Hertz’s EV and CEO about-face latest saga twist

It seemed like a good idea at the time. Now we know better.

Hertz, reeling from a bankruptcy and the pandemic, announced plans to buy 100,000 Teslas in late 2021. The splashy move certainly helped Elon Musk’s electric-vehicle maker, which saw its market cap surge past $1 trillion for the first time. 

Hertz enjoyed a bump in its market value as well, and the car-rental giant hired NFL star Tom Brady to show off its new fleet of Teslas.

“How do we democratize access to electric vehicles? That’s a very important part of our strategy,” interim CEO Mark Fields said at the time. “Tesla is the only manufacturer that can produce EVs at scale.”

But Hertz paid close to list prices for the Teslas, rather than demanding a large discount as car-rental giants often do. That decision would come back to bite it.

Last year, Musk’s EV maker cut prices across its lineup to boost sales. That not only angered individual customers who’d recently bought a Tesla at a higher price, but it also crushed the resale value of Hertz’s used EVs. 

‘Elevated costs’ of EVs

This January, the rental giant revealed that it was selling off 20,000 electric vehicles, noting the costly depreciation, weak demand, and pricey repairs. It took a $245 million hit and suffered its steepest quarterly loss since the pandemic.

“The elevated costs associated with EVs persisted,” Hertz CEO Stephen Scherr said at the time. “Efforts to wrestle it down proved to be more challenging.”

This week, Hertz announced that Scherr would be replaced by Gil West, the former COO of General Motors’ Cruise robotaxi unit. While Scherr took over after the Tesla deal, under his leadership Hertz continued its focus on EVs, placing big orders for them with GM and Polestar.

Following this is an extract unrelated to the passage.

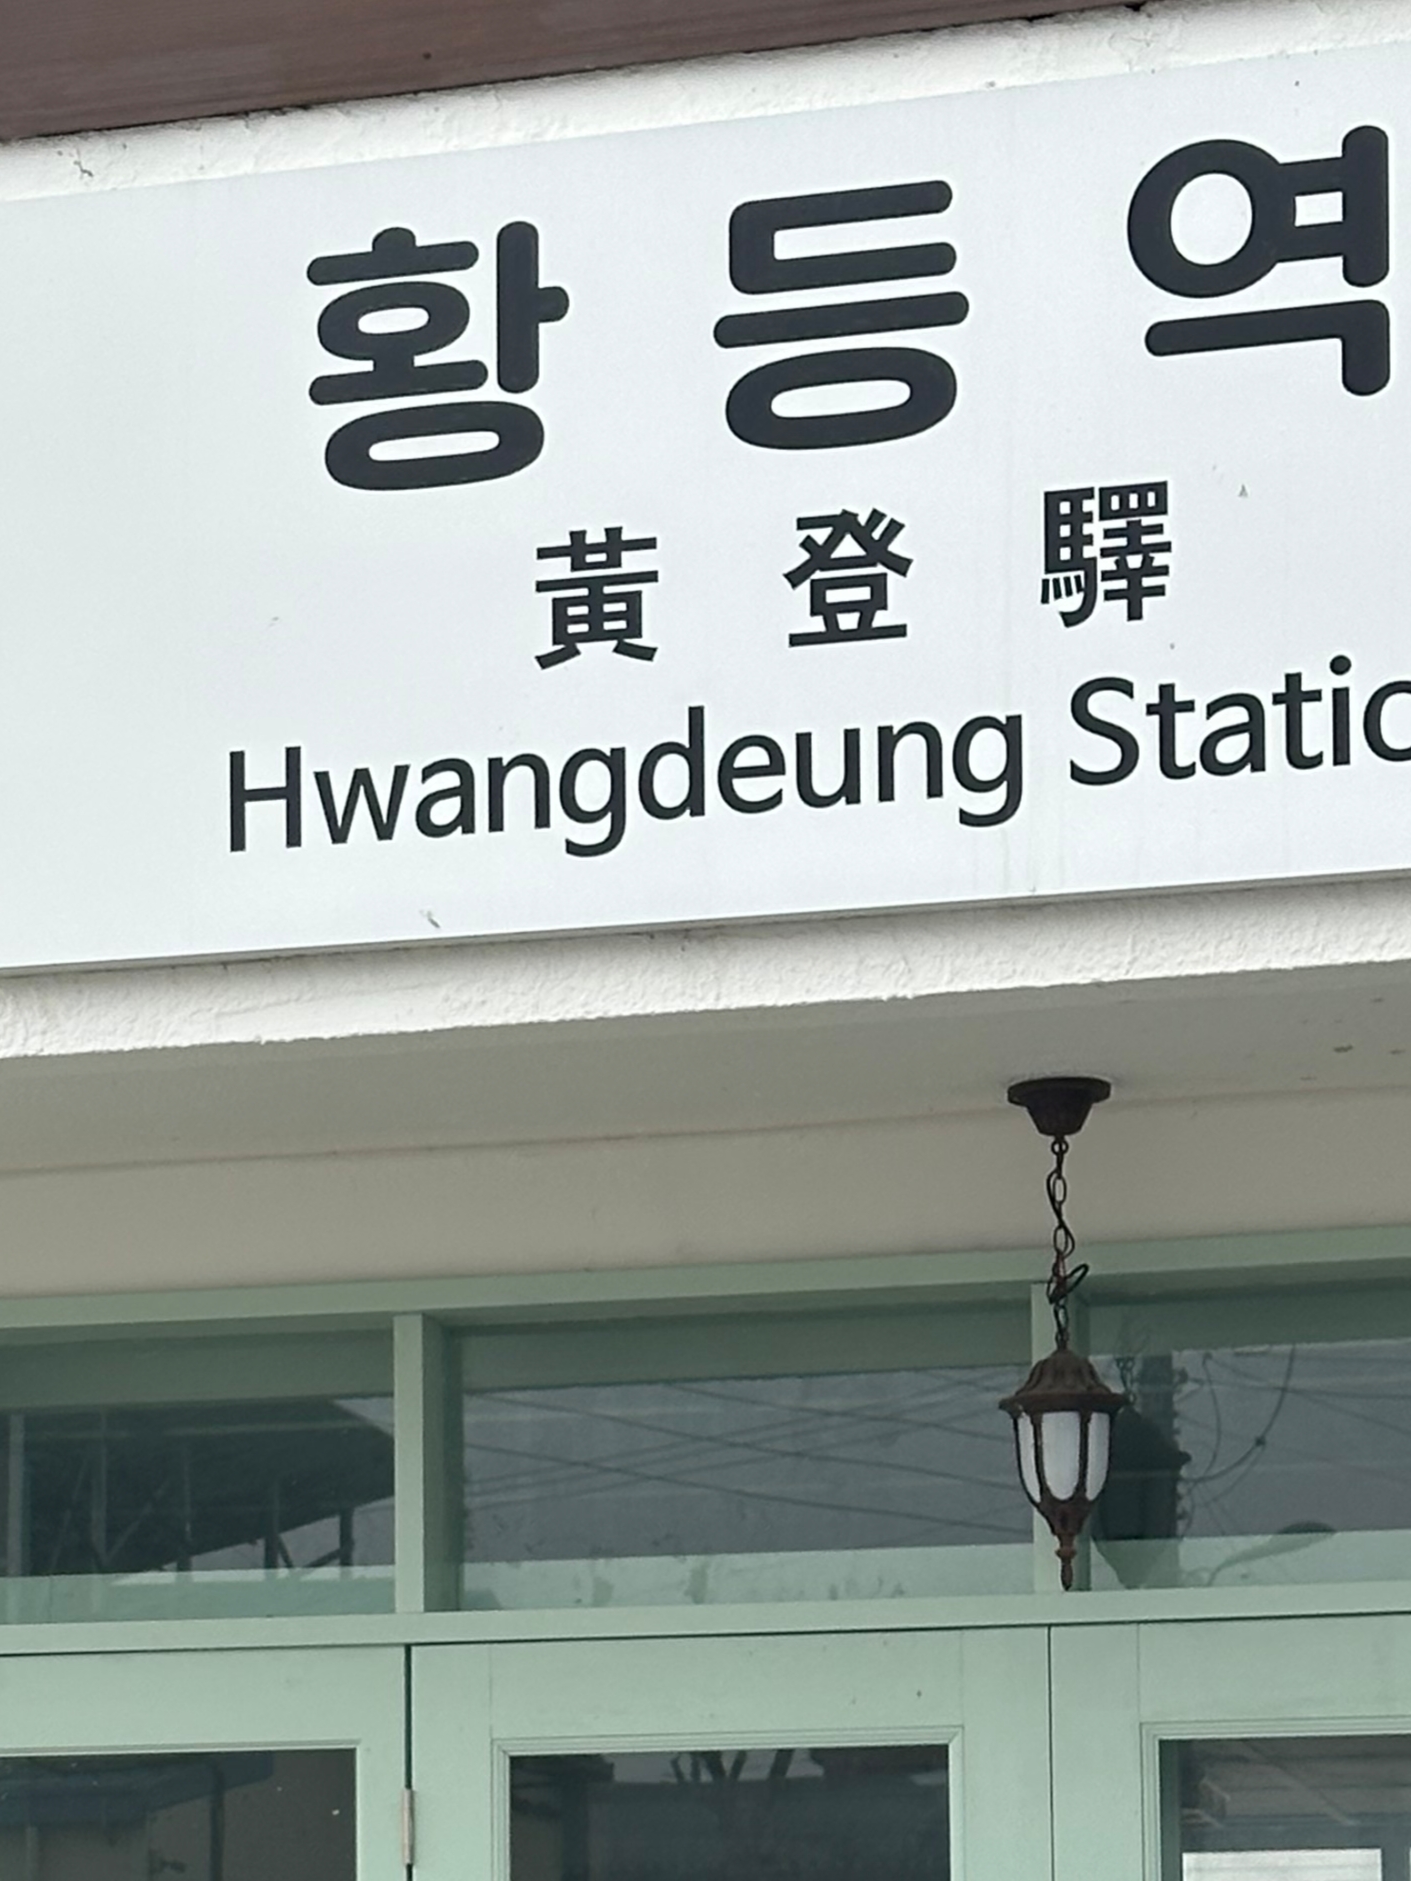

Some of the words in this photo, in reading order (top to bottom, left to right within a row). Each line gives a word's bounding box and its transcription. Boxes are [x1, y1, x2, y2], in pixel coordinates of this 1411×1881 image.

[306, 125, 1391, 491] 황등역
[534, 480, 1172, 670] 黃登驛
[229, 705, 1023, 858] Hwangdeung

The ill-fated EV push followed a difficult stretch for Hertz that culminated in billionaire activist investor Carl Icahn unloading his substantial stake in the car-rental company in 2020 days after its bankruptcy. In 2014, Icahn had begun acquiring his stake in Hertz, which was struggling. He called Hertz “a great brand” that he hoped would “return to its former glory,” and three of his allies soon had board seats, while the hunt for a new CEO began.

After selling selling his stake, Icahn said, “Yesterday I sold my equity position at a significant loss, but this does not mean that I don’t continue to have faith in the future of Hertz.”

The following year, the company announced the decision to buy Teslas. Now it’s about to welcome yet another new CEO, again tasked with turning things around.